Around 3000 foreign diplomats and their eligible family members based out of India have sent names for New Delhi's offer for vaccination against COVID. India had offered vaccination using India-manufactured COVID vaccine to diplomats based in the country - both in the national capital Delhi and various consulates across the country. Around 115 missions and 39 international organisations responded to the Indian offer and a final call will be soon taken on when the vaccination starts.

Many of the envoys and diplomats based out of India welcomed the initiative. Denmark's Ambassador to India Freddy Svane told us, "The Government of India has offered all diplomats and their dependents to be included in India's vaccination schedule. Great initiative. Personally, I am very keen not to jump any queue".

Lauding the initiative, Ambassador of Italy to India Vincenzo de Luca speaking to us said, "We believe that it is a commendable initiative which is also in line with a similar programme launched by the Italian Ministry of Foreign Affairs for the foreign diplomatic community accredited in Italy. These programmes confirm that the purpose of countering the COVID-19 pandemic is better served through global solidarity and effective international cooperation."
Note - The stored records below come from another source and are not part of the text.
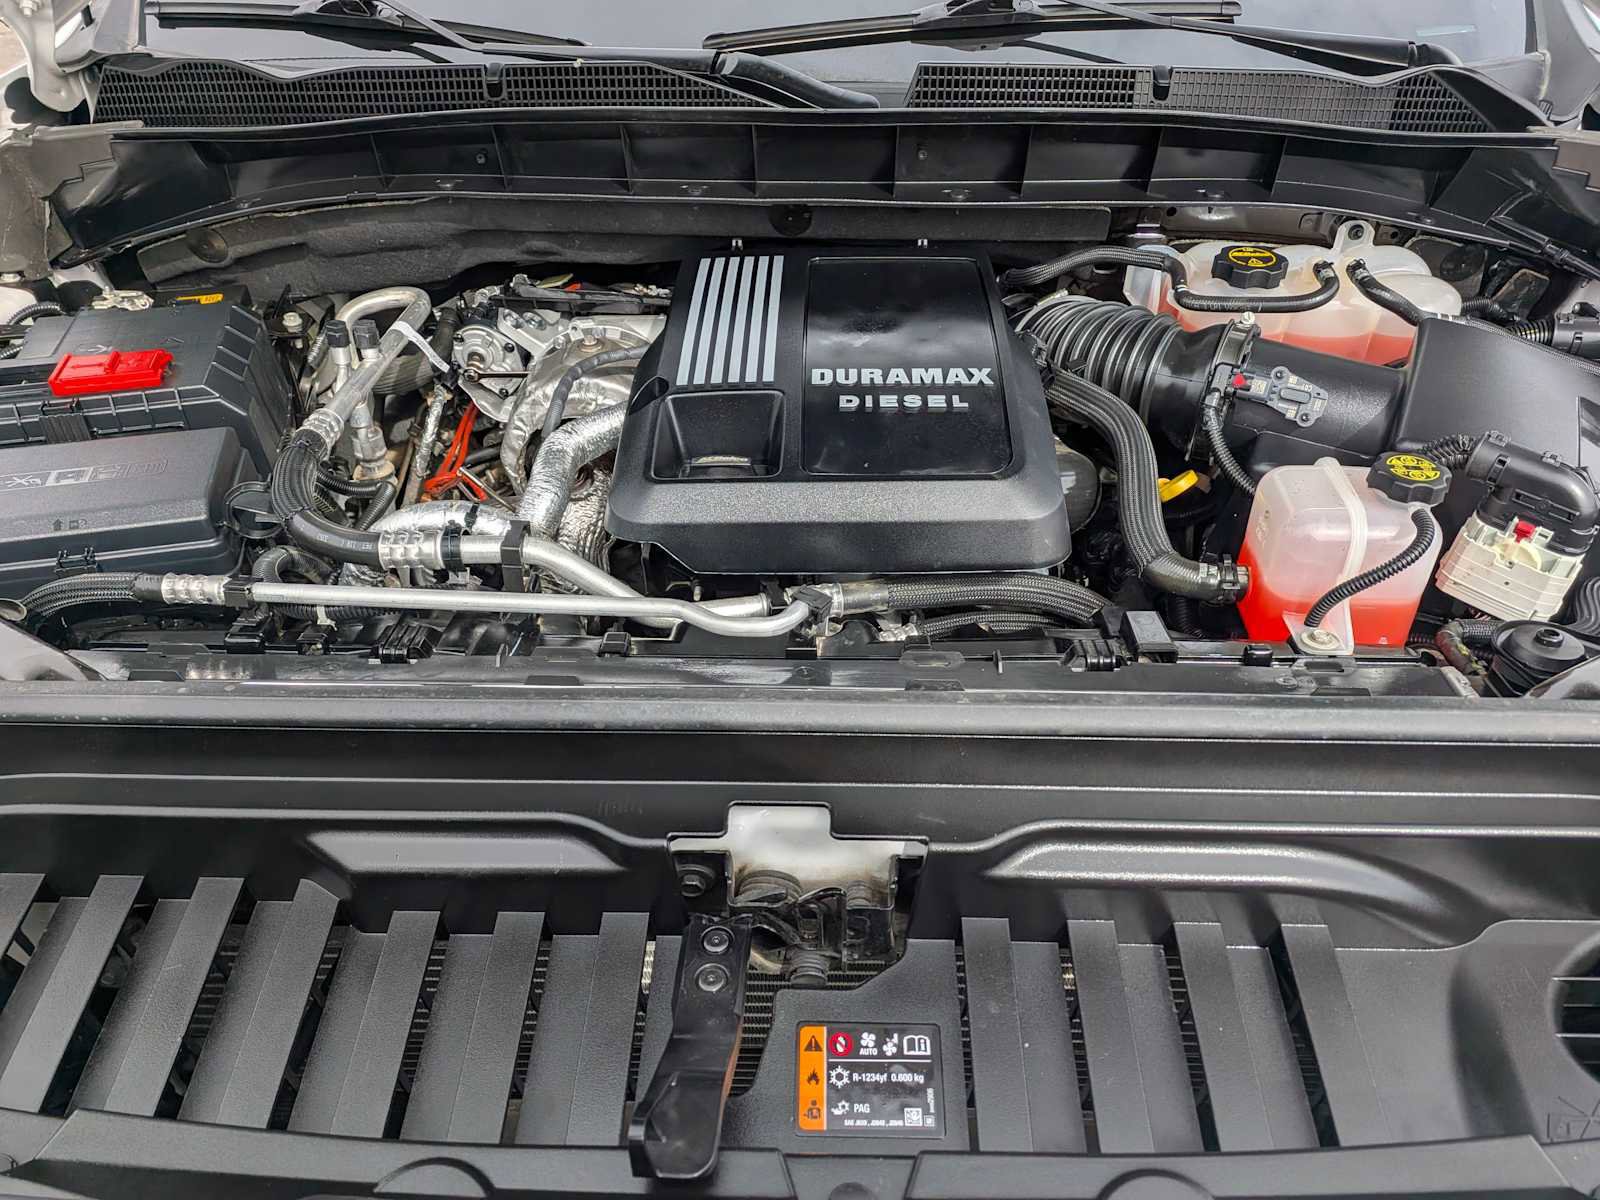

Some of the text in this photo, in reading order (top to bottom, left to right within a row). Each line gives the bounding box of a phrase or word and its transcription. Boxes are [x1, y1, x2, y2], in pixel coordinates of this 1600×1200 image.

[811, 367, 994, 385] DURAMAX
[839, 395, 969, 410] DIESEL
[859, 1047, 878, 1056] AUTO
[852, 1072, 888, 1084] R-1234yf
[914, 1072, 925, 1084] kg
[853, 1103, 871, 1114] PAG
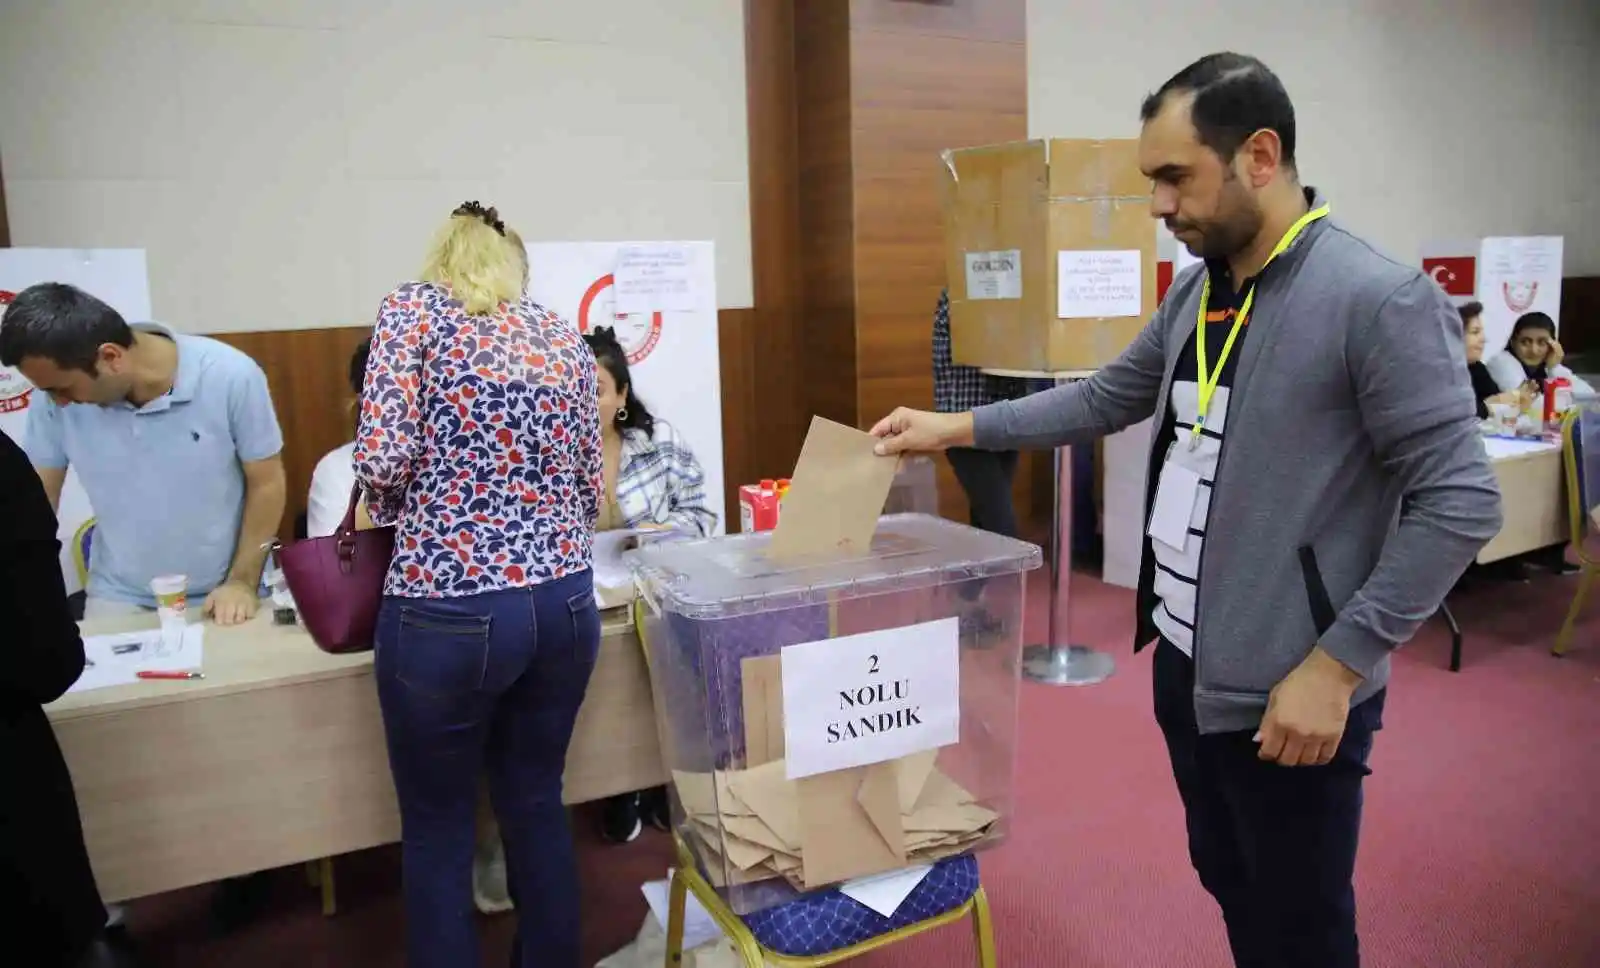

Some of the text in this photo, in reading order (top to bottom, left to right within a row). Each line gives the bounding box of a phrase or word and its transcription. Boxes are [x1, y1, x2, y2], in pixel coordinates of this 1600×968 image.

[867, 654, 880, 674] 2
[839, 680, 910, 710] NOLU
[827, 705, 922, 744] SANDIK
Indonesian Cd'A Ferdy Nico Yohannes Piay also appreciated, the "Government of India's efforts in running the biggest Covid-19 vaccination drive in the world, and welcomes its policy to also include foreign service officers based in India in its program".

Elaborating, "India’s strong commitment to provide its self-made vaccines to the neighbouring countries and beyond will surely place India at leading role and the forefront of this war against the pandemic".

India began its mega vaccination drive on January 16 and so far, 62.6 lakh healthcare workers have been vaccinated against COVID.

Kazakhstan's envoy to India Yerlan Alimbayev said, "We welcome the gesture of goodwill and solidarity offered by the Indian Government in terms of COVID-19 vaccination for foreign diplomats based in New Delhi. So far, our staff and their family members are considering this option. Just like in Kazakhstan, I believe, this is a voluntary decision for people in India as well."

He explained, in response to our question, "As you probably know, a vaccination in Kazakhstan kicked off recently, on February 1. Like in India, a priority also is given to medical and frontline workers. Kazakhstan uses the 'Sputnik V' vaccine and our own vaccine is under the last phase of trials. We have to check with our capital whether Indian vaccine is registered in Kazakhstan and will decide accordingly."

India has been reaching out to foreign diplomats on its action plan on how to deal with a COVID pandemic. Last year, foreign secretary Harsh Shringla briefed 190 heads of diplomatic missions on a COVID action plan. It was followed by the visit of over 50 foreign envoys based out of Delhi going to Hyderabad to showcase the country's vaccine production centres at 2 biotechnology companies - Bharat Biotech and Biological E.

India produces 60% of global vaccines, and so far supplied COVID vaccines to 18 countries both as gifts and commercially. Vaccines have been sent to countries in the neighbourhood and beyond. These countries are Bhutan, Maldives, Bangladesh, Nepal, Myanmar, Mauritius, Seychelles, Sri Lanka, the UAE, Brazil, Morocco, Bahrain, Oman, Egypt, Algeria, Kuwait, South Africa, and Afghanistan. It has gifted 56 lakh doses and commercially supplied 100 lakh doses.